*What the task asks*
Retype all of the entries that appear below, keeping them exactly as they are.

*Excerpted data*
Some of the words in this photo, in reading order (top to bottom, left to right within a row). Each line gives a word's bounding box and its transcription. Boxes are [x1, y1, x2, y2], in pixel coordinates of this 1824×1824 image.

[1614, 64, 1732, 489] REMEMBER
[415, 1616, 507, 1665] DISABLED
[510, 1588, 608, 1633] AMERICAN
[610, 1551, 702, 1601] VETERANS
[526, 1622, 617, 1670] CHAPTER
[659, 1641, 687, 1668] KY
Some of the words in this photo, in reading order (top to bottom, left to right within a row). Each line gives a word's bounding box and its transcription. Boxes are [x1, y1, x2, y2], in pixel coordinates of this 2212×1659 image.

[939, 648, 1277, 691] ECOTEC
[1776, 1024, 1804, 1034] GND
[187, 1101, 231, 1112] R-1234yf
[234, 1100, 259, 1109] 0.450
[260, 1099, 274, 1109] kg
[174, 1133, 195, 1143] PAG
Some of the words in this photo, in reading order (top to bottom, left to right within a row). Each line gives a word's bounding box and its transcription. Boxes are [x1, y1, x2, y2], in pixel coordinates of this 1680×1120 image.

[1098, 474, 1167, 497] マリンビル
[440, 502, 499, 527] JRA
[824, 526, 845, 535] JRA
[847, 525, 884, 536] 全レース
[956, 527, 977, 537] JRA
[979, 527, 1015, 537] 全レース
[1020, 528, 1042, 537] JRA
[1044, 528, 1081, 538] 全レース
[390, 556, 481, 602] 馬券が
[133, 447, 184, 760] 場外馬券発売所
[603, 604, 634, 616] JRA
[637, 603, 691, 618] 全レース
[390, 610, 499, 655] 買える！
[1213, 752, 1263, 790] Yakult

*Solved exercise*
Some of the words in this photo, in reading order (top to bottom, left to right within a row). Each line gives a word's bounding box and its transcription. Boxes are [x1, y1, x2, y2], in pixel coordinates of this 1824×1824 image.

[1614, 64, 1732, 489] REMEMBER
[415, 1616, 507, 1665] DISABLED
[510, 1588, 608, 1633] AMERICAN
[610, 1551, 702, 1601] VETERANS
[526, 1622, 617, 1670] CHAPTER
[659, 1641, 687, 1668] KY
Some of the words in this photo, in reading order (top to bottom, left to right within a row). Each line gives a word's bounding box and its transcription. Boxes are [x1, y1, x2, y2], in pixel coordinates of this 2212×1659 image.

[939, 648, 1277, 691] ECOTEC
[1776, 1024, 1804, 1034] GND
[187, 1101, 231, 1112] R-1234yf
[234, 1100, 259, 1109] 0.450
[260, 1099, 274, 1109] kg
[174, 1133, 195, 1143] PAG
Some of the words in this photo, in reading order (top to bottom, left to right within a row). Each line gives a word's bounding box and its transcription. Boxes are [x1, y1, x2, y2], in pixel coordinates of this 1680×1120 image.

[1098, 474, 1167, 497] マリンビル
[440, 502, 499, 527] JRA
[824, 526, 845, 535] JRA
[847, 525, 884, 536] 全レース
[956, 527, 977, 537] JRA
[979, 527, 1015, 537] 全レース
[1020, 528, 1042, 537] JRA
[1044, 528, 1081, 538] 全レース
[390, 556, 481, 602] 馬券が
[133, 447, 184, 760] 場外馬券発売所
[603, 604, 634, 616] JRA
[637, 603, 691, 618] 全レース
[390, 610, 499, 655] 買える！
[1213, 752, 1263, 790] Yakult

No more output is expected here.